*** STUDY MATERIAL Section Begins ***
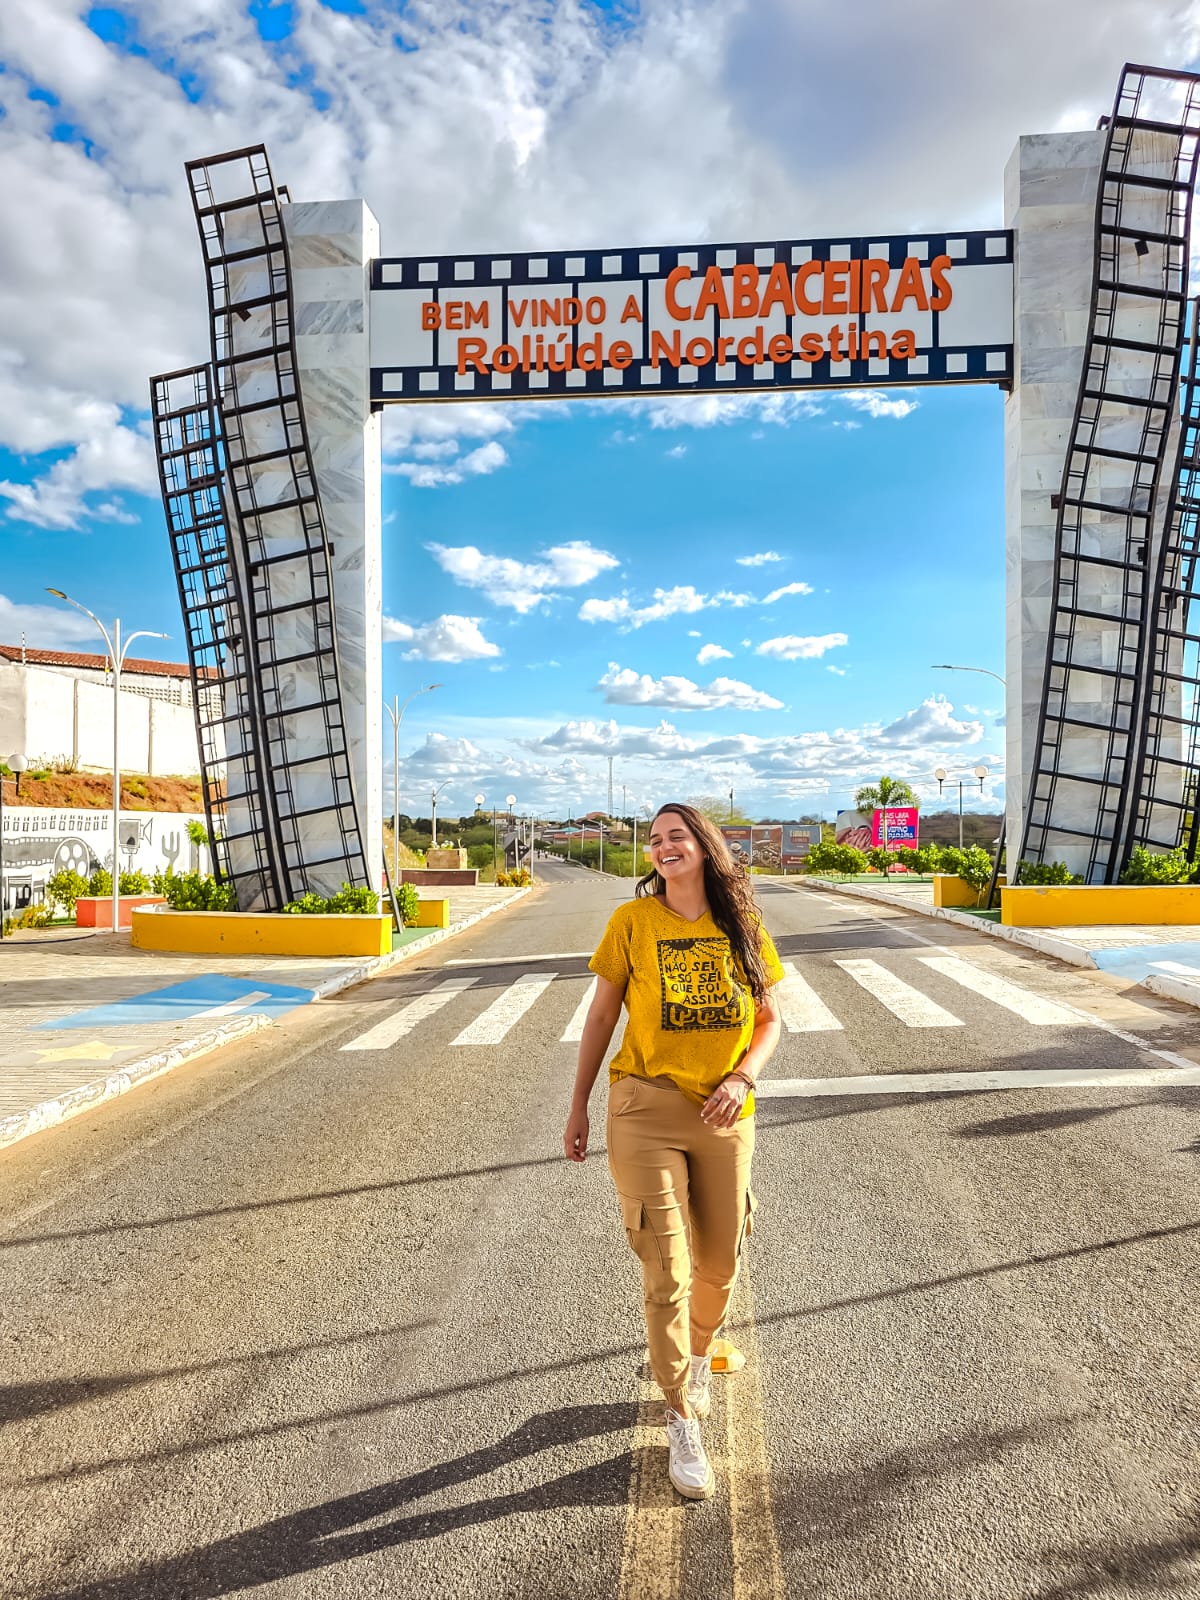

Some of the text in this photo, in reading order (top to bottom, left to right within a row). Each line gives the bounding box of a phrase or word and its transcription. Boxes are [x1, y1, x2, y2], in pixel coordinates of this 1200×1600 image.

[422, 255, 953, 331] BEM VINDO A CABACEIRAS
[457, 322, 917, 376] Roliúde Nordestina
[664, 961, 687, 973] NÃO
[678, 972, 722, 983] SÓ SEI
[671, 983, 720, 994] QUE FOI
[682, 992, 728, 1005] ASSIM
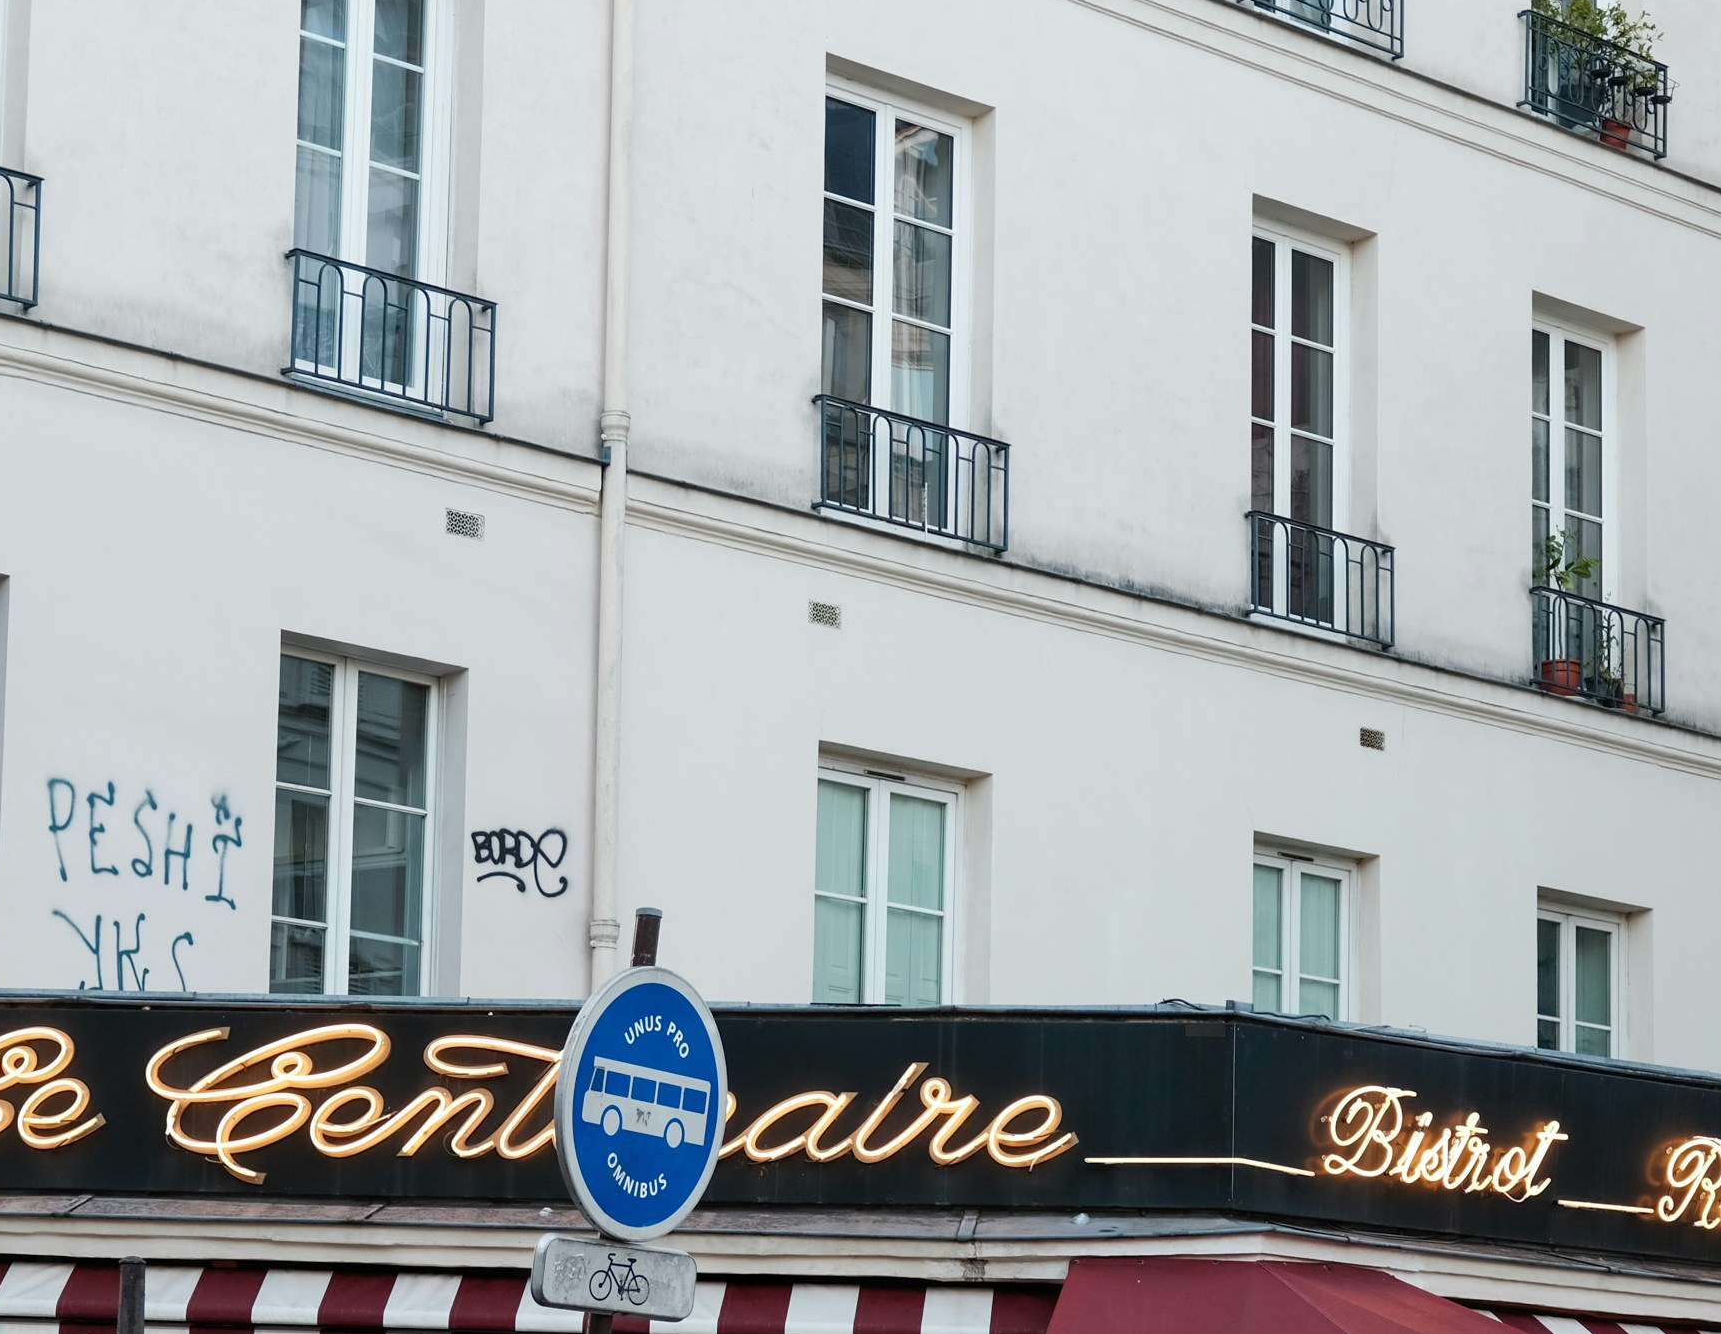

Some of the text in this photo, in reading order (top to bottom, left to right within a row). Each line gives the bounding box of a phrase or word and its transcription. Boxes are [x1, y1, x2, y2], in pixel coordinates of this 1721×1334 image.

[623, 1014, 691, 1060] UNUS PRO
[143, 1021, 1080, 1185] Centaire
[1323, 1084, 1569, 1203] Bistrot
[606, 1150, 669, 1201] OMNIBUS
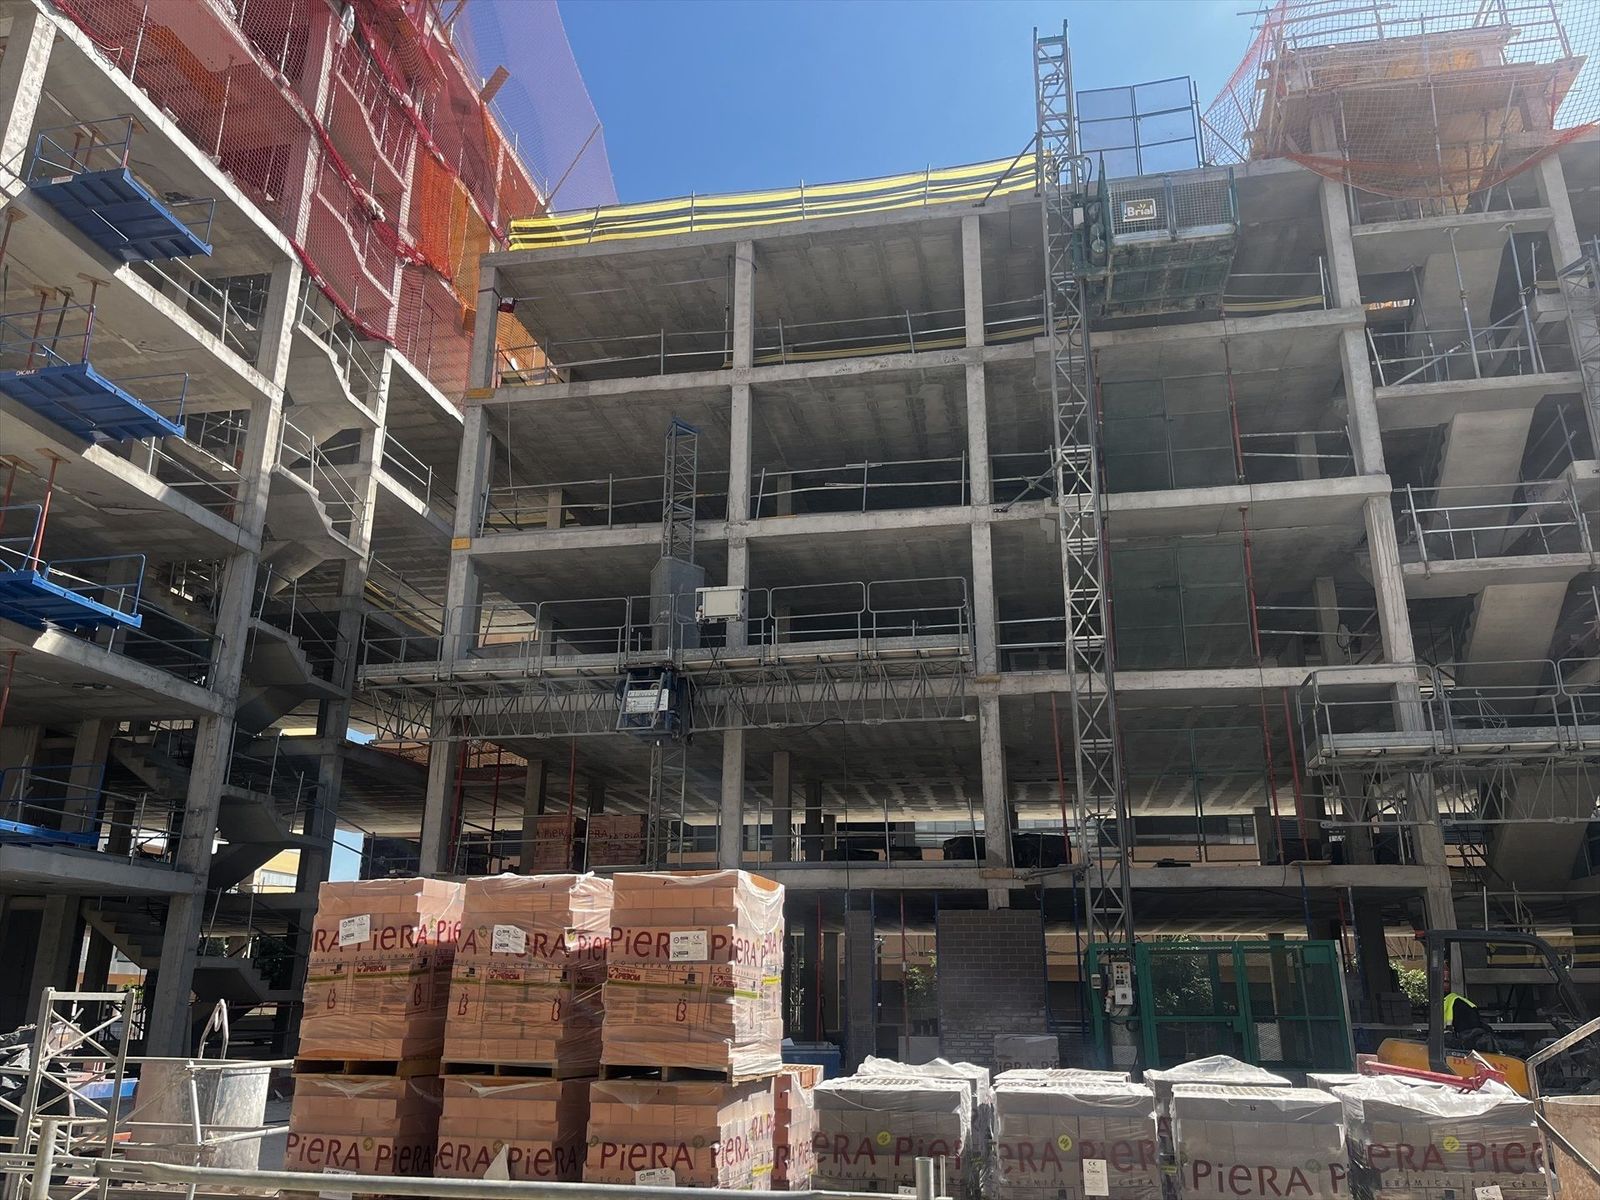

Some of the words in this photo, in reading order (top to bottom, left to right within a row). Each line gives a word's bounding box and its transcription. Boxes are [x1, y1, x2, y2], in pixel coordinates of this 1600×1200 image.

[1127, 204, 1153, 217] Brial
[356, 922, 428, 951] ieRA
[489, 932, 569, 958] eRA
[610, 926, 671, 958] PieR
[286, 1132, 360, 1169] PieRA
[375, 1143, 432, 1174] PieRA
[508, 1146, 577, 1177] PieRA
[600, 1141, 694, 1172] PieRA
[1192, 1159, 1314, 1197] PieRA
*** STUDY MATERIAL Section Ends ***
## TASK REQUIREMENTS
The records above should be reproduced exactly, with no pictures included.

## YOUR SOLUTION
Some of the text in this photo, in reading order (top to bottom, left to right within a row). Each line gives the bounding box of a phrase or word and its transcription. Boxes are [x1, y1, x2, y2], in pixel coordinates of this 1200×1600 image.

[422, 255, 953, 331] BEM VINDO A CABACEIRAS
[457, 322, 917, 376] Roliúde Nordestina
[664, 961, 687, 973] NÃO
[678, 972, 722, 983] SÓ SEI
[671, 983, 720, 994] QUE FOI
[682, 992, 728, 1005] ASSIM

Some of the text in this photo, in reading order (top to bottom, left to right within a row). Each line gives the bounding box of a phrase or word and its transcription. Boxes are [x1, y1, x2, y2], in pixel coordinates of this 1721×1334 image.

[623, 1014, 691, 1060] UNUS PRO
[143, 1021, 1080, 1185] Centaire
[1323, 1084, 1569, 1203] Bistrot
[606, 1150, 669, 1201] OMNIBUS

Some of the words in this photo, in reading order (top to bottom, left to right within a row). Each line gives a word's bounding box and its transcription. Boxes are [x1, y1, x2, y2], in pixel coordinates of this 1600×1200 image.

[1127, 204, 1153, 217] Brial
[356, 922, 428, 951] ieRA
[489, 932, 569, 958] eRA
[610, 926, 671, 958] PieR
[286, 1132, 360, 1169] PieRA
[375, 1143, 432, 1174] PieRA
[508, 1146, 577, 1177] PieRA
[600, 1141, 694, 1172] PieRA
[1192, 1159, 1314, 1197] PieRA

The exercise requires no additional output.